● **DATASET RECORDS**:
━━━━━━━━━━━━━━━━━━━━━━━━━━━━━━

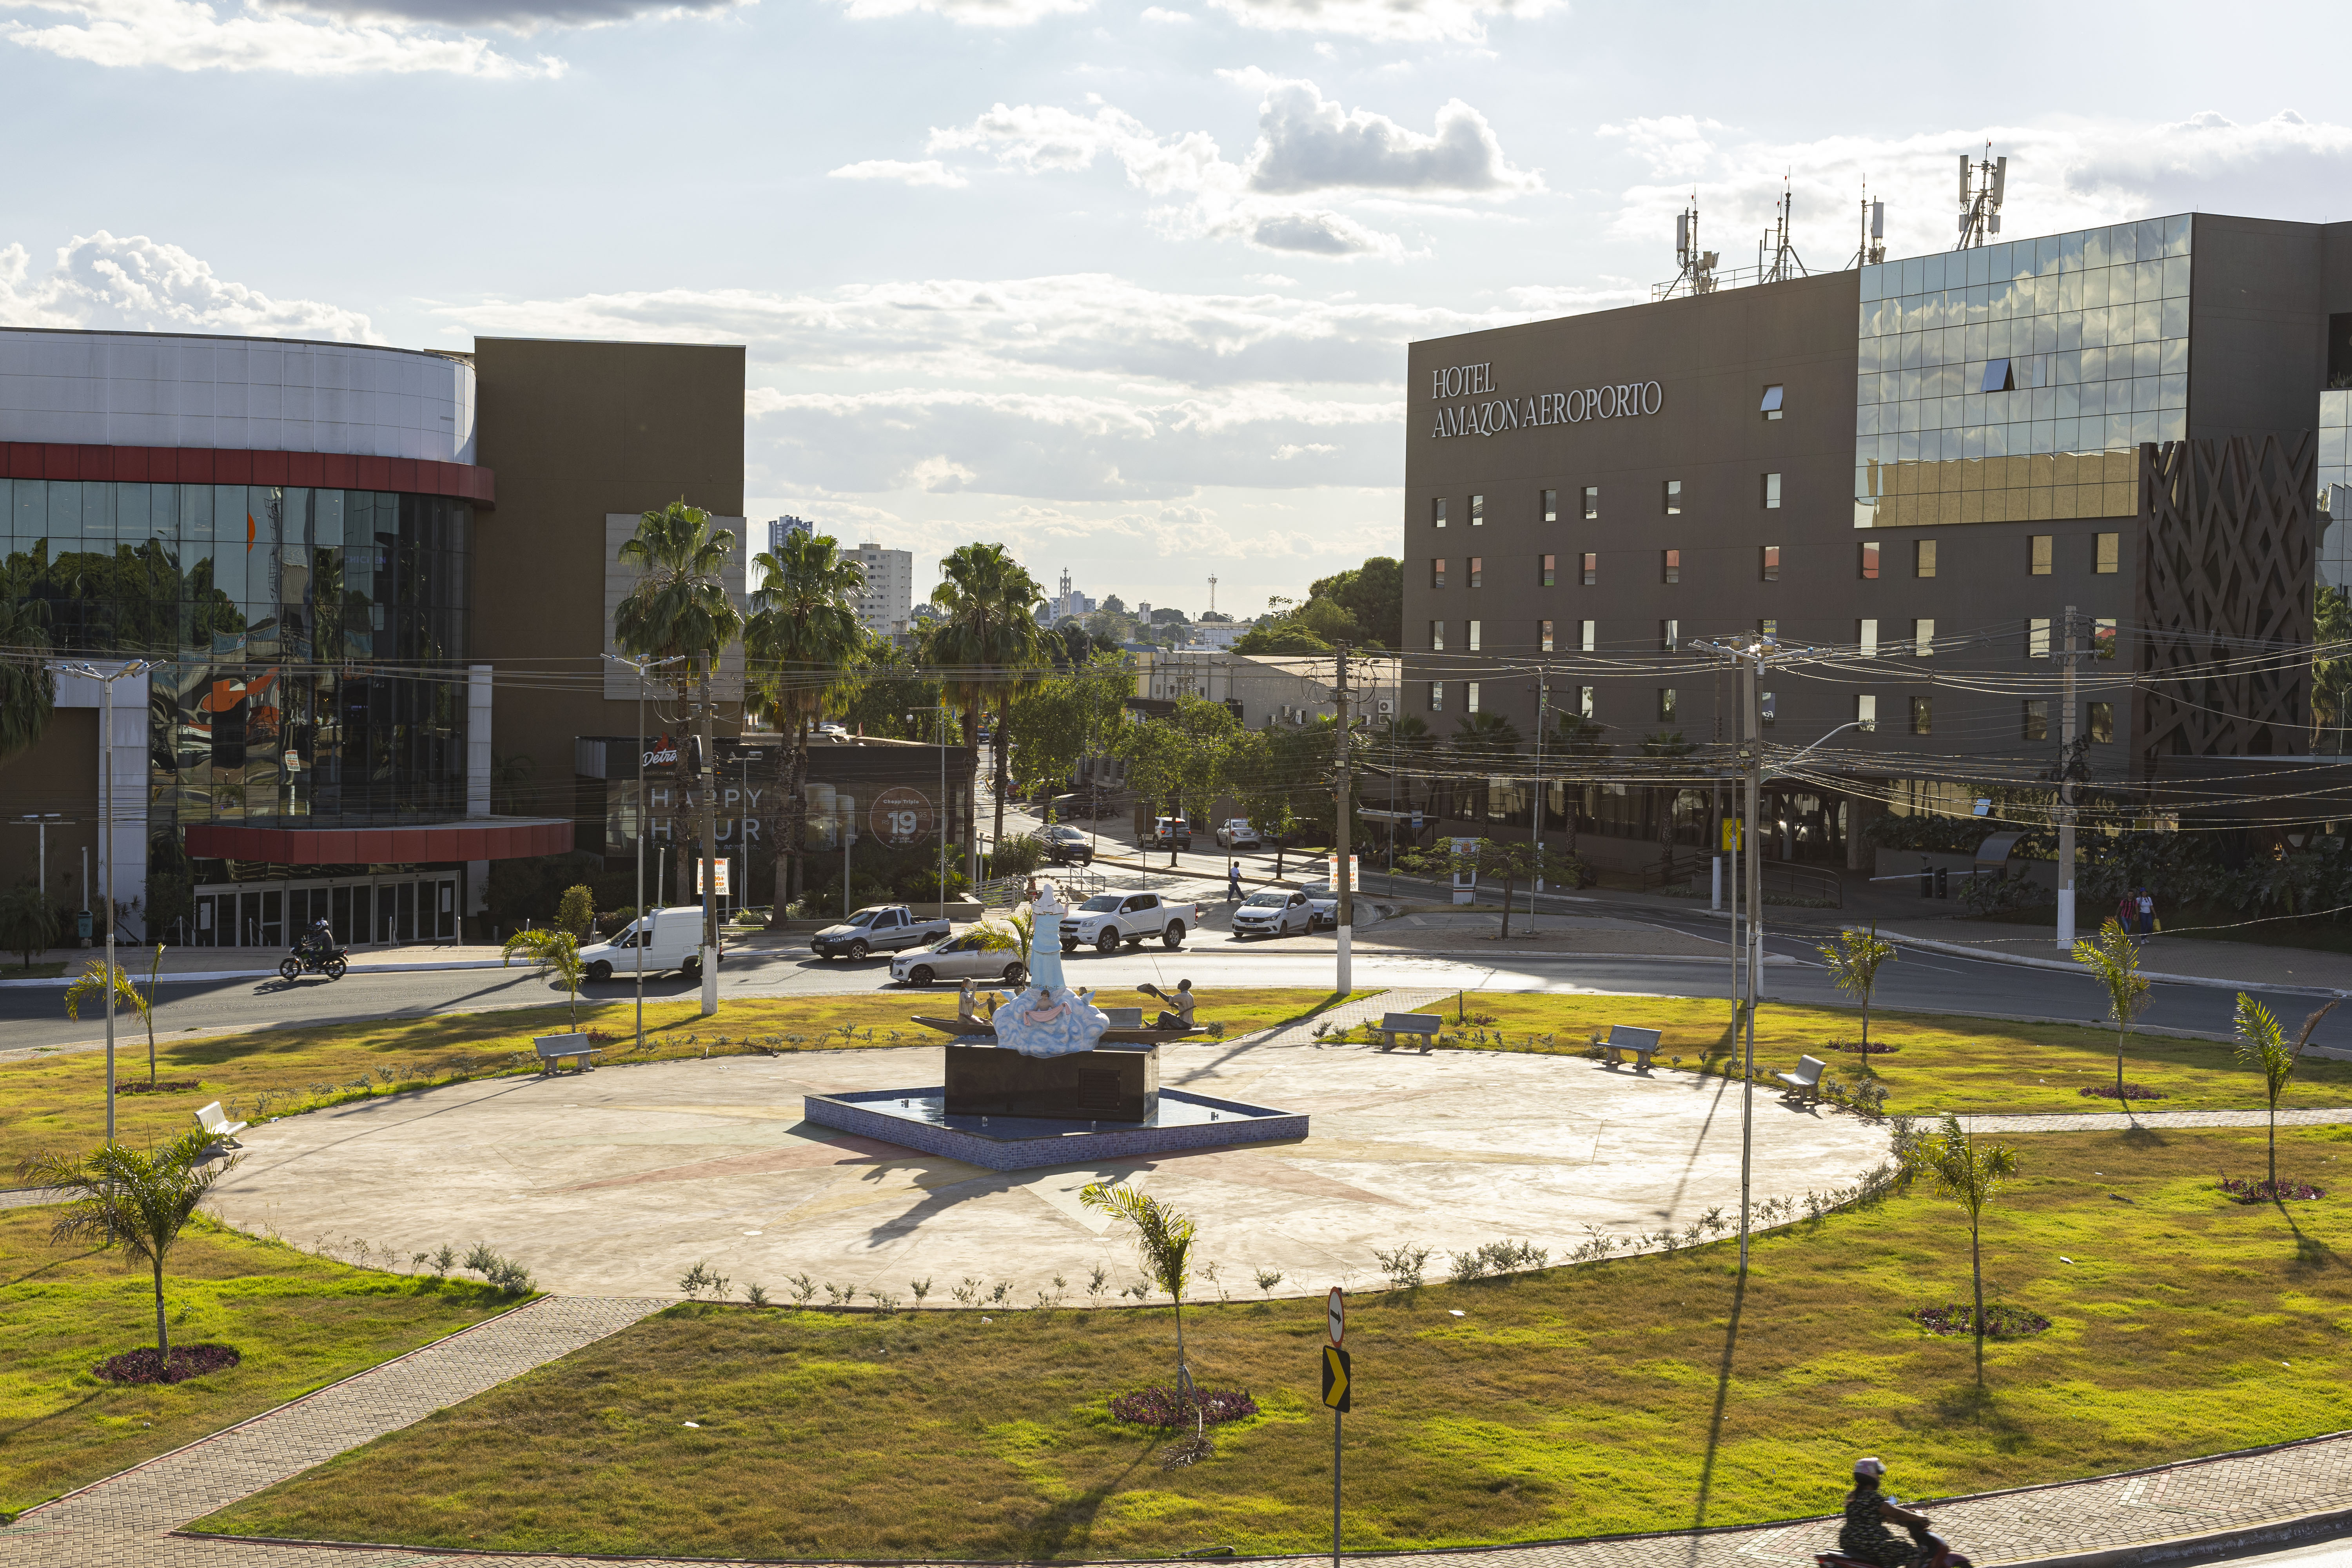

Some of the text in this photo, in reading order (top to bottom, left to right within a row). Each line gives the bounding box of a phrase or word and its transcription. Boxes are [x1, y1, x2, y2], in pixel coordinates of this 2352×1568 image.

[1432, 363, 1495, 399] HOTEL
[1432, 381, 1662, 438] AMAZON AEROPORTO
[651, 788, 763, 808] HAPY
[651, 818, 760, 841] HUR
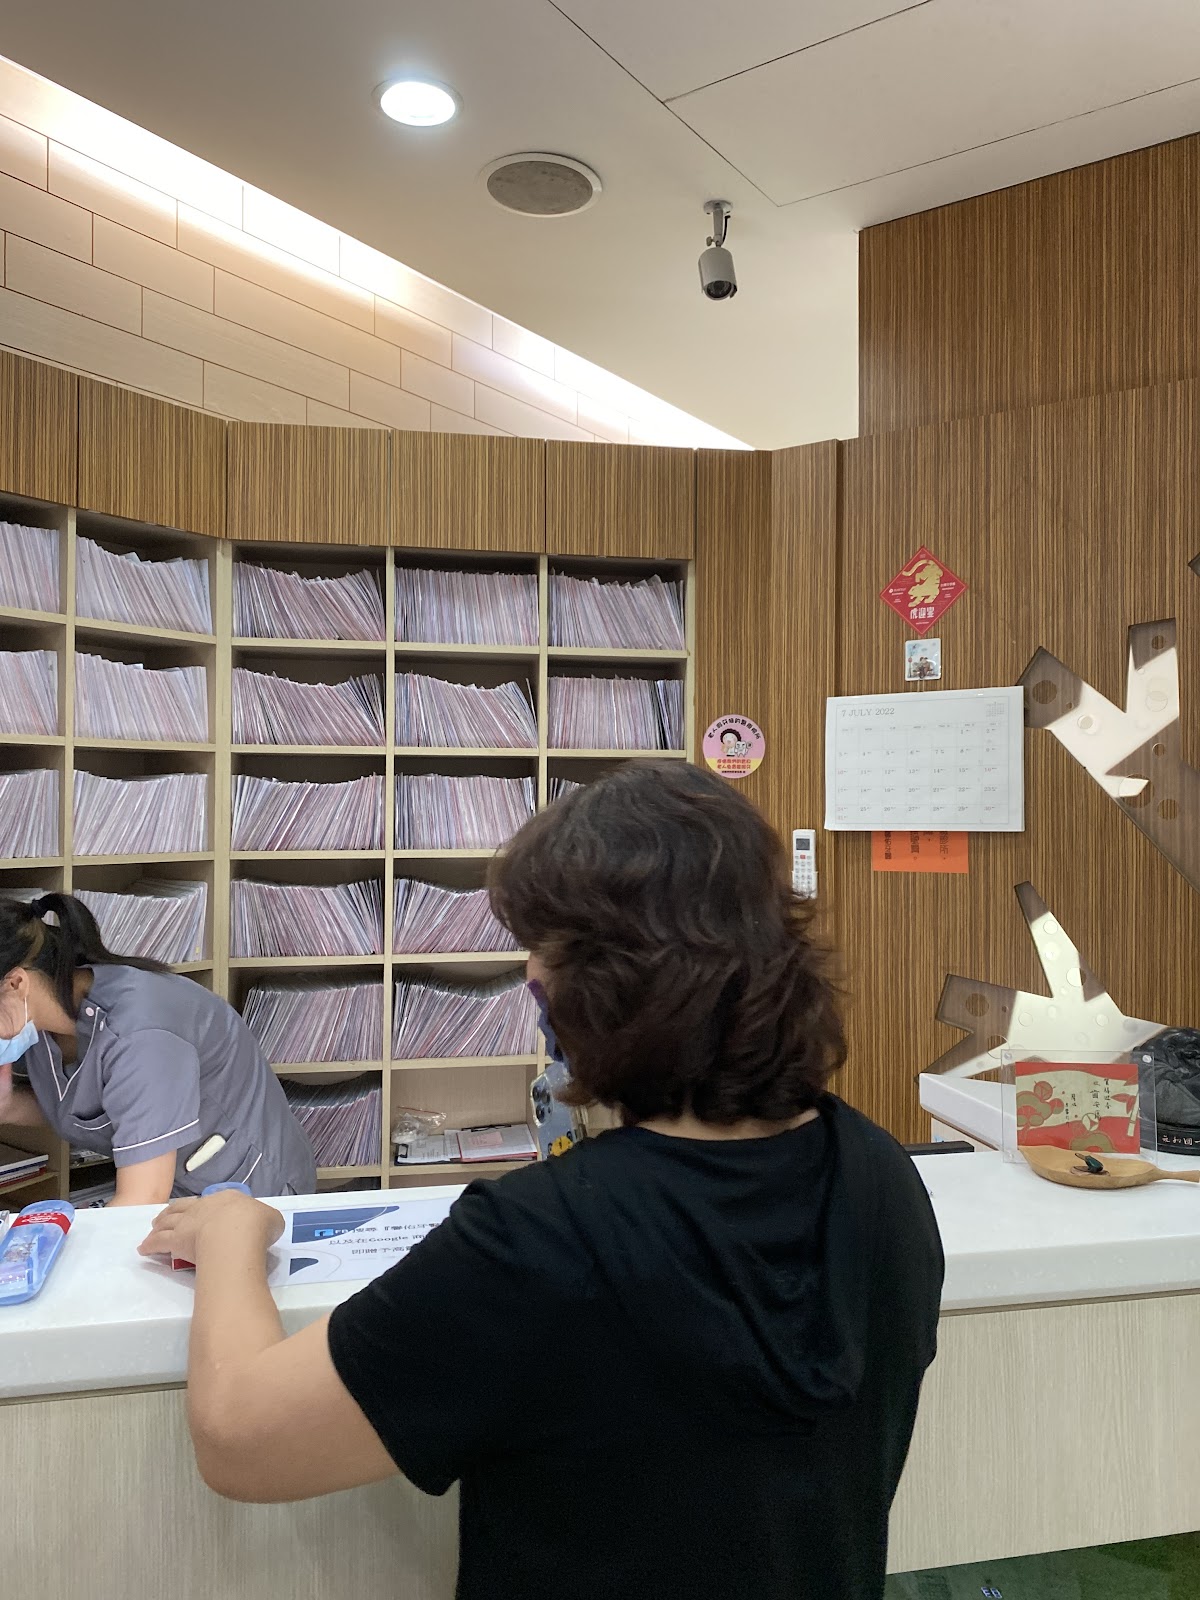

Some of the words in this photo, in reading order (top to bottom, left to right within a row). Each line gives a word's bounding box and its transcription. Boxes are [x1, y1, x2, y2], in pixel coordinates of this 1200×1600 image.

[842, 709, 846, 717] 7
[848, 709, 872, 717] JULY
[875, 707, 895, 716] 2022
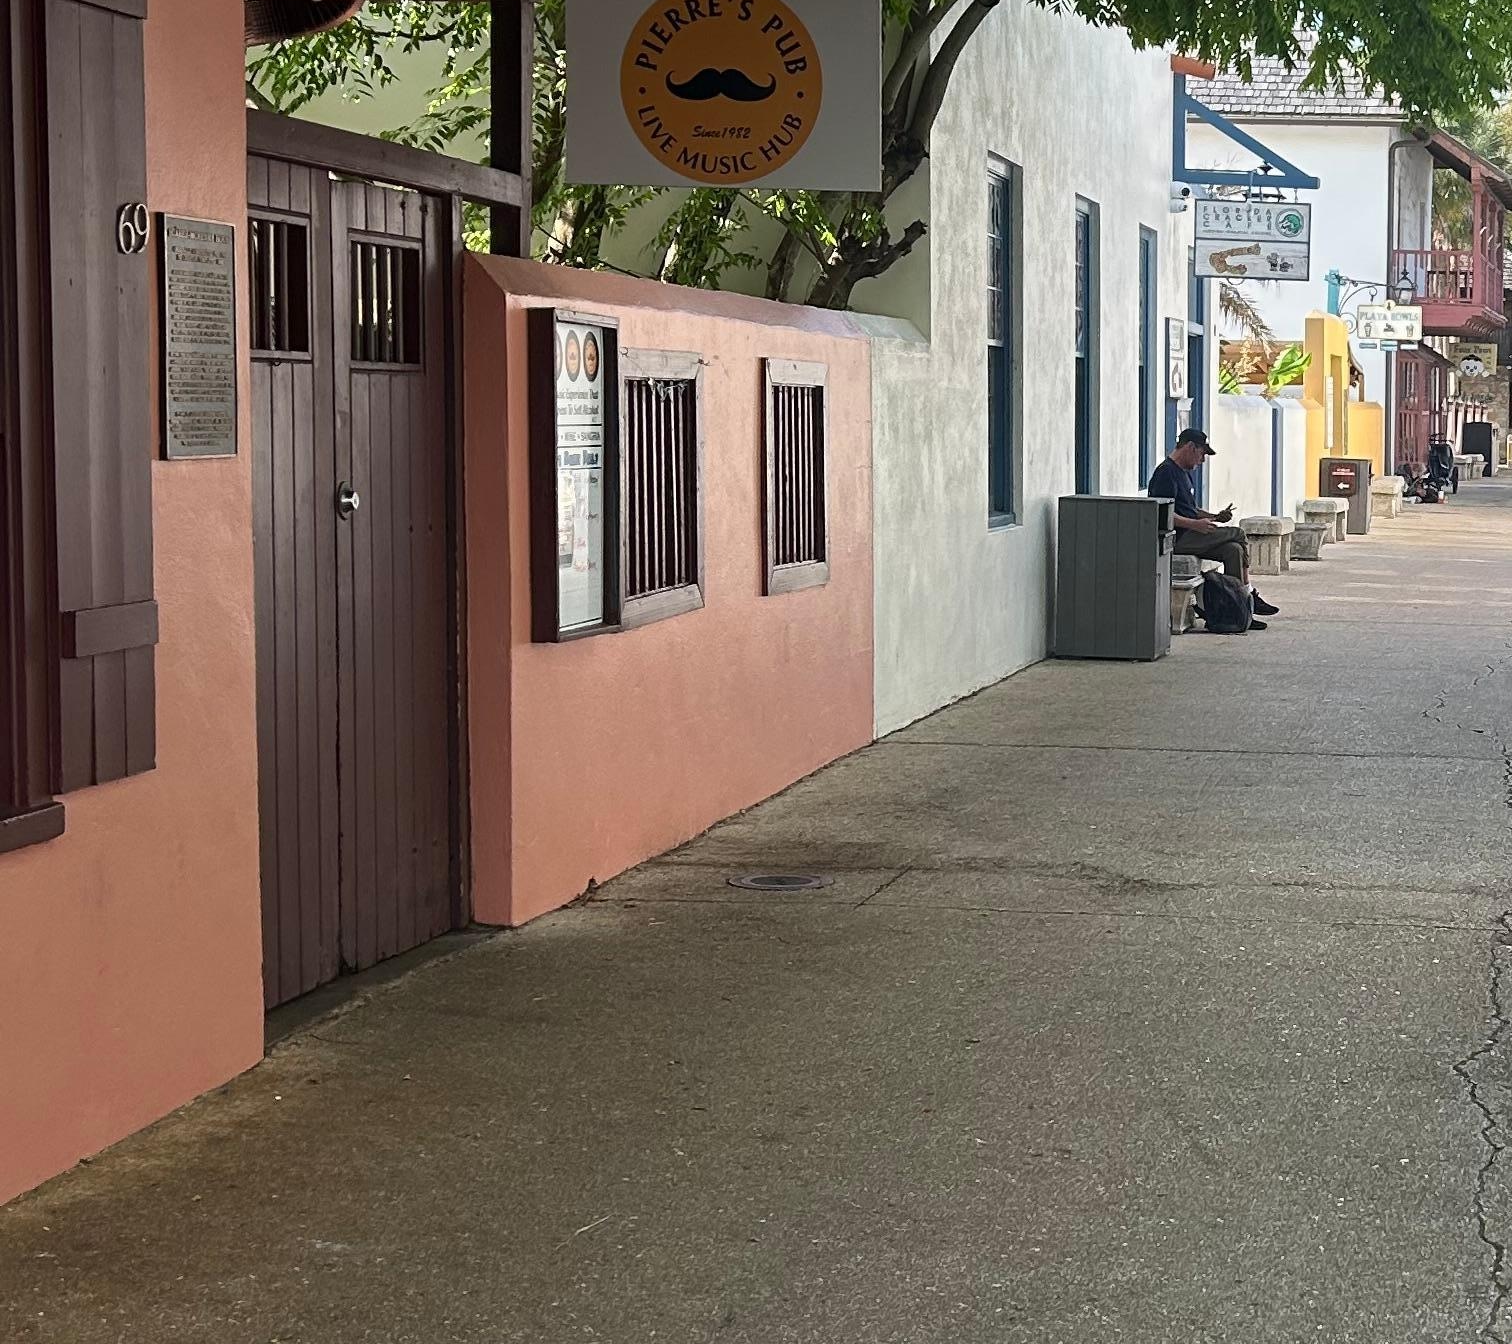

━━━━━━━━━━━━━━━━━━━━━━━━━━━━━━

● **WHAT YOU WILL DO**: Restate each entry word for word; omit the pictures.

● **RESPONSE**:
Some of the text in this photo, in reading order (top to bottom, left to right within a row). Each line gives the bounding box of a phrase or word and its transcription. Boxes are [x1, y1, x2, y2], in pixel coordinates of this 2352×1568 image.

[1432, 363, 1495, 399] HOTEL
[1432, 381, 1662, 438] AMAZON AEROPORTO
[651, 788, 763, 808] HAPY
[651, 818, 760, 841] HUR

Some of the words in this photo, in reading order (top to bottom, left to right within a row). Each line gives a word's bounding box and its transcription. Boxes are [x1, y1, x2, y2], in pixel coordinates of this 1200×1600 image.

[842, 709, 846, 717] 7
[848, 709, 872, 717] JULY
[875, 707, 895, 716] 2022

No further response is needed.